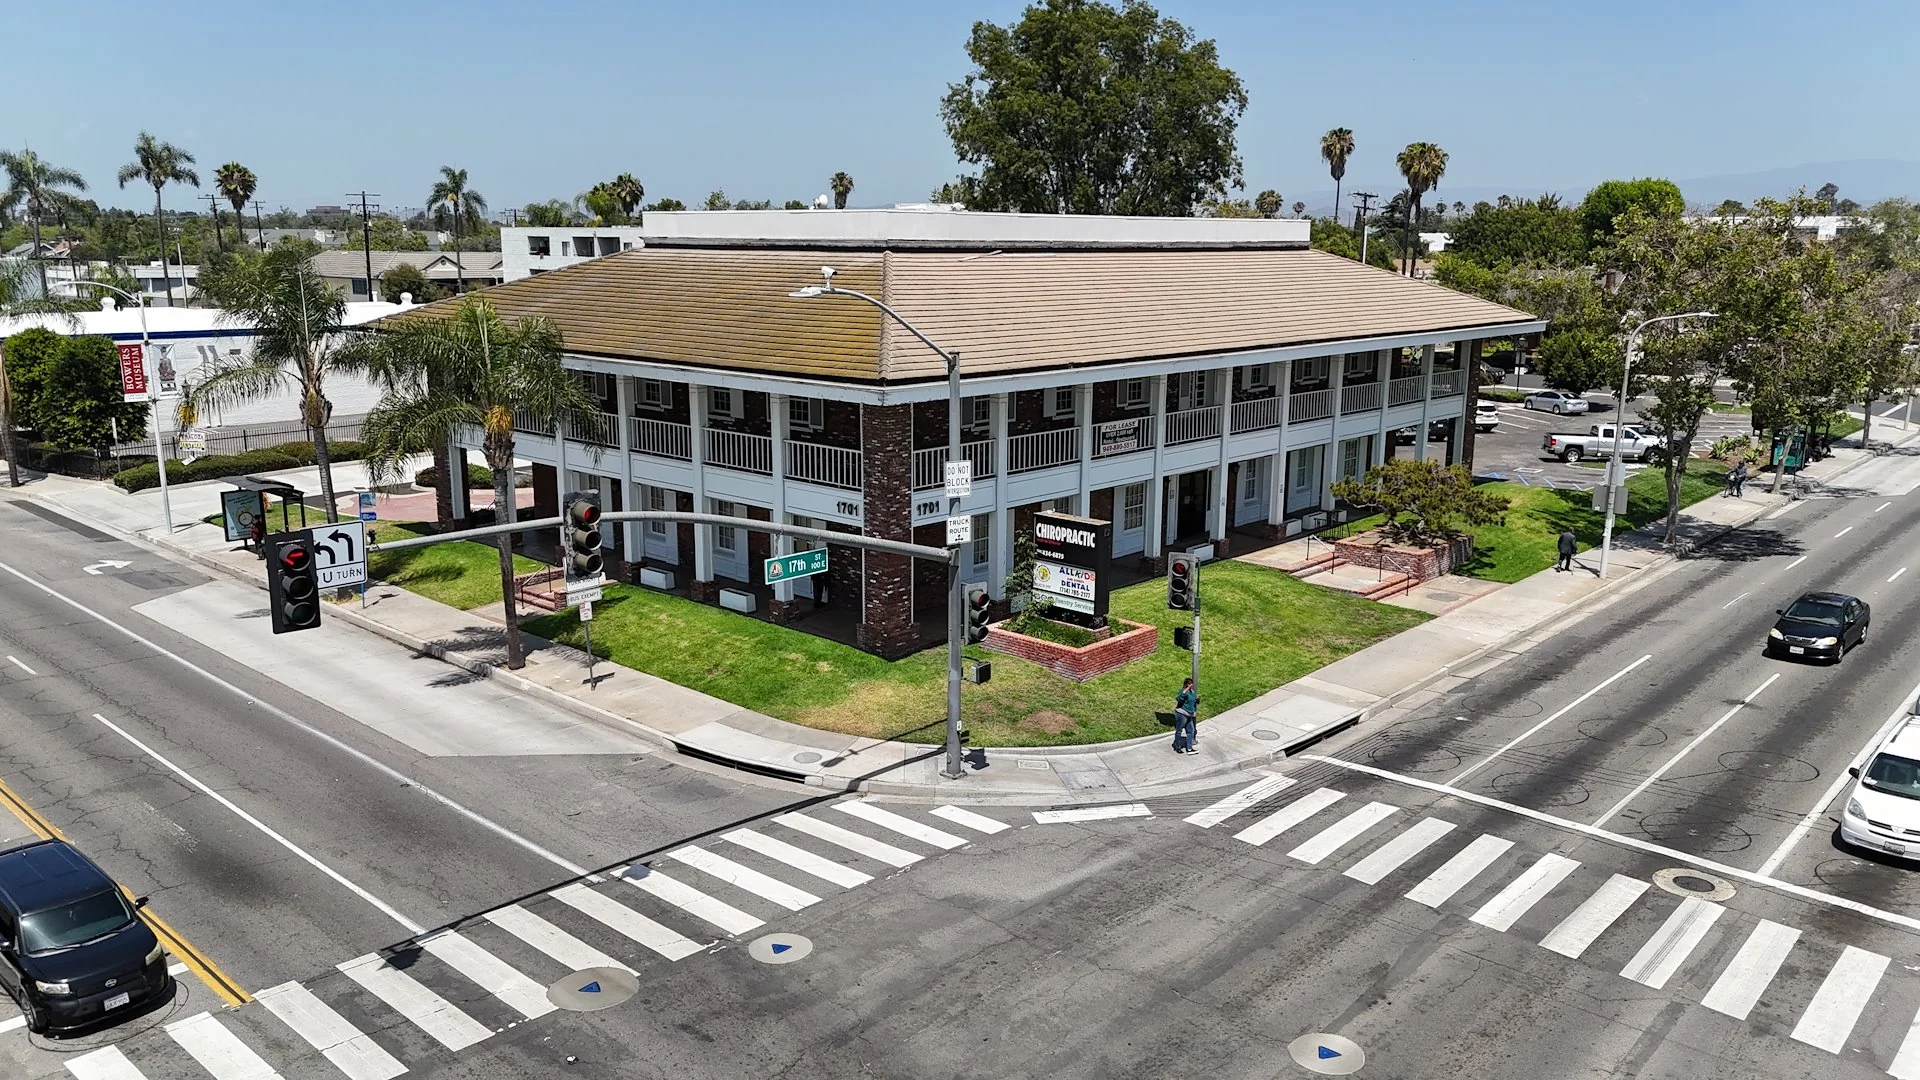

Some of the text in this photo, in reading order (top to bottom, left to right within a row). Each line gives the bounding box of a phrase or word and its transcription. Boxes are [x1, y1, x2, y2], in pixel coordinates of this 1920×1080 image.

[122, 348, 134, 390] BOWERS
[131, 347, 143, 389] MUSEUM
[947, 464, 969, 476] DO NOT
[946, 477, 970, 487] BLOCK
[837, 501, 859, 516] 1701
[917, 501, 940, 516] 1701
[949, 518, 970, 526] TRUCK
[949, 526, 969, 535] ROUTE
[1036, 523, 1095, 548] CHIROPRACTIC
[814, 553, 822, 561] ST
[789, 559, 806, 573] 17th
[810, 562, 821, 570] 100
[323, 568, 362, 583] U TURN
[1061, 580, 1090, 591] DENTAL
[581, 591, 600, 599] EXEMPT

☆ ☆ ☆ ☆

Apart from the images, reproduce the listing exactly as it appears.

◆ **Expected output**:
Some of the text in this photo, in reading order (top to bottom, left to right within a row). Each line gives the bounding box of a phrase or word and its transcription. Boxes are [x1, y1, x2, y2], in pixel coordinates of this 1920×1080 image.

[122, 348, 134, 390] BOWERS
[131, 347, 143, 389] MUSEUM
[947, 464, 969, 476] DO NOT
[946, 477, 970, 487] BLOCK
[837, 501, 859, 516] 1701
[917, 501, 940, 516] 1701
[949, 518, 970, 526] TRUCK
[949, 526, 969, 535] ROUTE
[1036, 523, 1095, 548] CHIROPRACTIC
[814, 553, 822, 561] ST
[789, 559, 806, 573] 17th
[810, 562, 821, 570] 100
[323, 568, 362, 583] U TURN
[1061, 580, 1090, 591] DENTAL
[581, 591, 600, 599] EXEMPT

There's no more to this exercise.